The Metasploit Framework is a development platform for creating security tools and exploits. The framework is used by network security professionals to perform penetration tests, system administrators to verify patch installations, product vendors to perform regression testing, and security researchers world-wide. The framework is written in the Ruby programming language and includes components written in C and assembler.
New in version 3.3.2:
- Metasploit now has 463 exploit modules and 219 auxiliary modules (from 453 and 218 respectively in v3.3.1).
- The Meterpreter payload is now multi-threaded, providing the ability have multiple outstanding requests at once.
- The Meterpreter pivoting is much more robust and stable for the common use cases.
- The database subsystem now uses ActiveRecord migrations to create and update databases.
- The database API is now much more efficient due to improved query filters and delayed saves.
- The Oracle mixin and many of the modules have been updated and improved.

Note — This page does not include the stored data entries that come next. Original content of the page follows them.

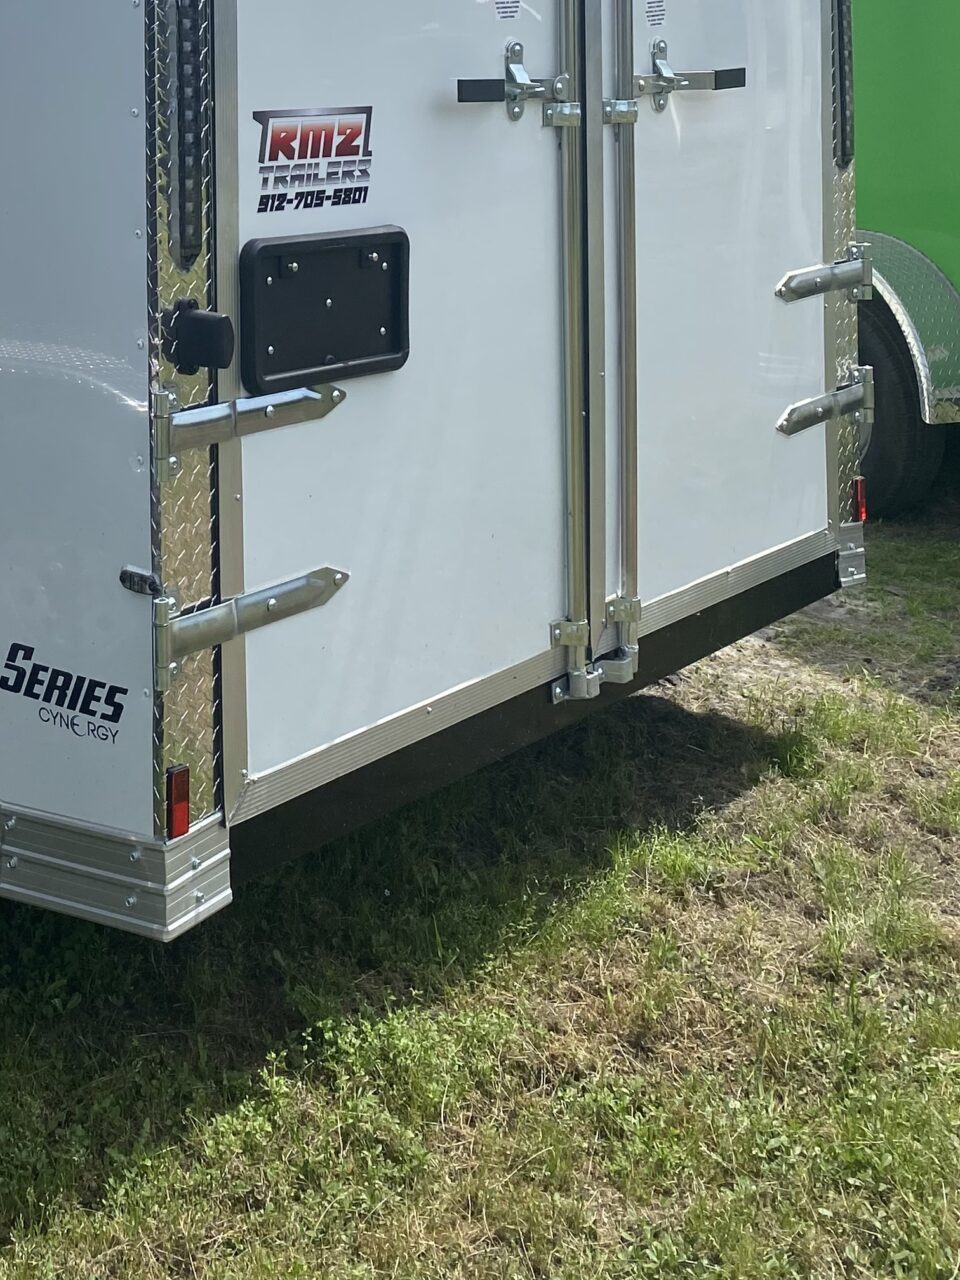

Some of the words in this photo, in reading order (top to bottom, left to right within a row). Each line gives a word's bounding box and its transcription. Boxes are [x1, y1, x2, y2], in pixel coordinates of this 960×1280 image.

[259, 159, 371, 190] TRAILERS
[257, 186, 368, 213] 912-705-5801
[38, 707, 119, 744] CYNERGY
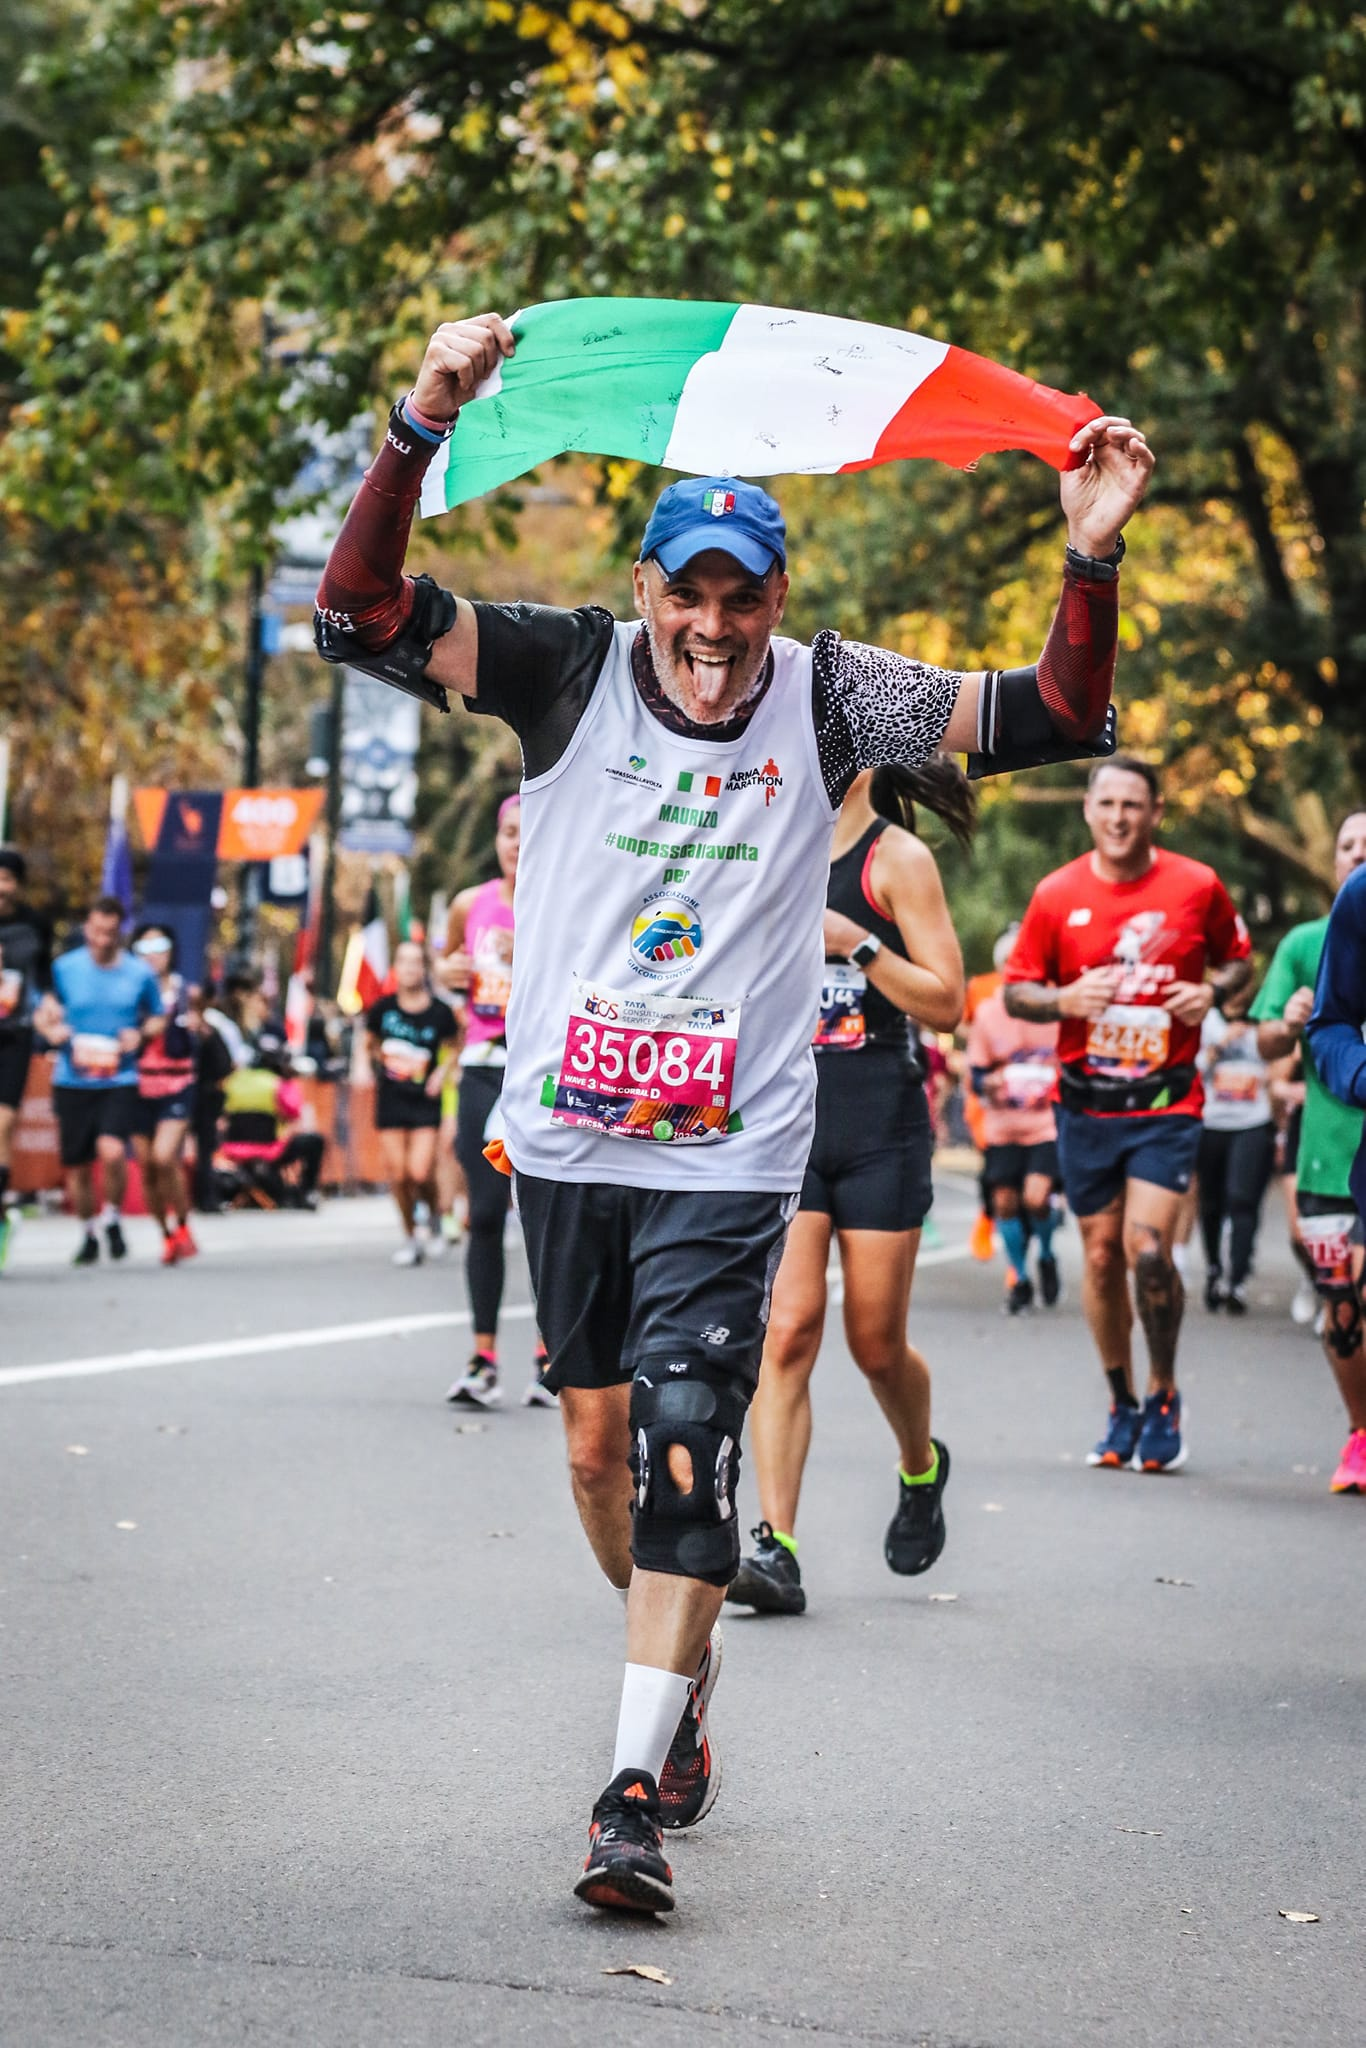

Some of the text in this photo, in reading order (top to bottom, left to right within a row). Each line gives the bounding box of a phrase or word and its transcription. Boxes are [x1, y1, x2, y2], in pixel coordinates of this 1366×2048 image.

[730, 768, 760, 781] ARMA
[725, 776, 783, 791] MARATHON
[604, 832, 758, 861] #unpassoallavolta
[662, 868, 690, 885] per
[643, 891, 700, 909] ASSOCIAZIONE
[627, 958, 695, 981] GIACOMO SINTINI
[624, 1000, 646, 1009] TATA
[623, 1008, 675, 1020] CONSULTANCY
[687, 1020, 712, 1030] TATA
[571, 1024, 724, 1090] 35084
[564, 1074, 586, 1087] WAVE
[587, 1078, 597, 1090] 3
[618, 1087, 649, 1097] CORRAL
[650, 1087, 661, 1099] D

The dbi module is no longer required.
- The VNCInjection stage has been successfully tested on Windows 7 (running under WOW64).
- The NeXpose Plugin can now launch scans against hosts already in the database (such as those found via Nmap).
- The NeXpose Plugin now supports an alternate syntax to nexpose_connect that allows ‘@’ and ‘:’ in passwords.
- The XMLRPC plugin now supports a RFC-compliant mode for integration with other products
- The scanner modules support Nmap-style syntax for RHOSTS. This deprecates the 126.96.36.199-188.8.131.52 syntax.
- The jobs command can now show detailed information about a background job (-i and -v).
- This release fixes 42 bus.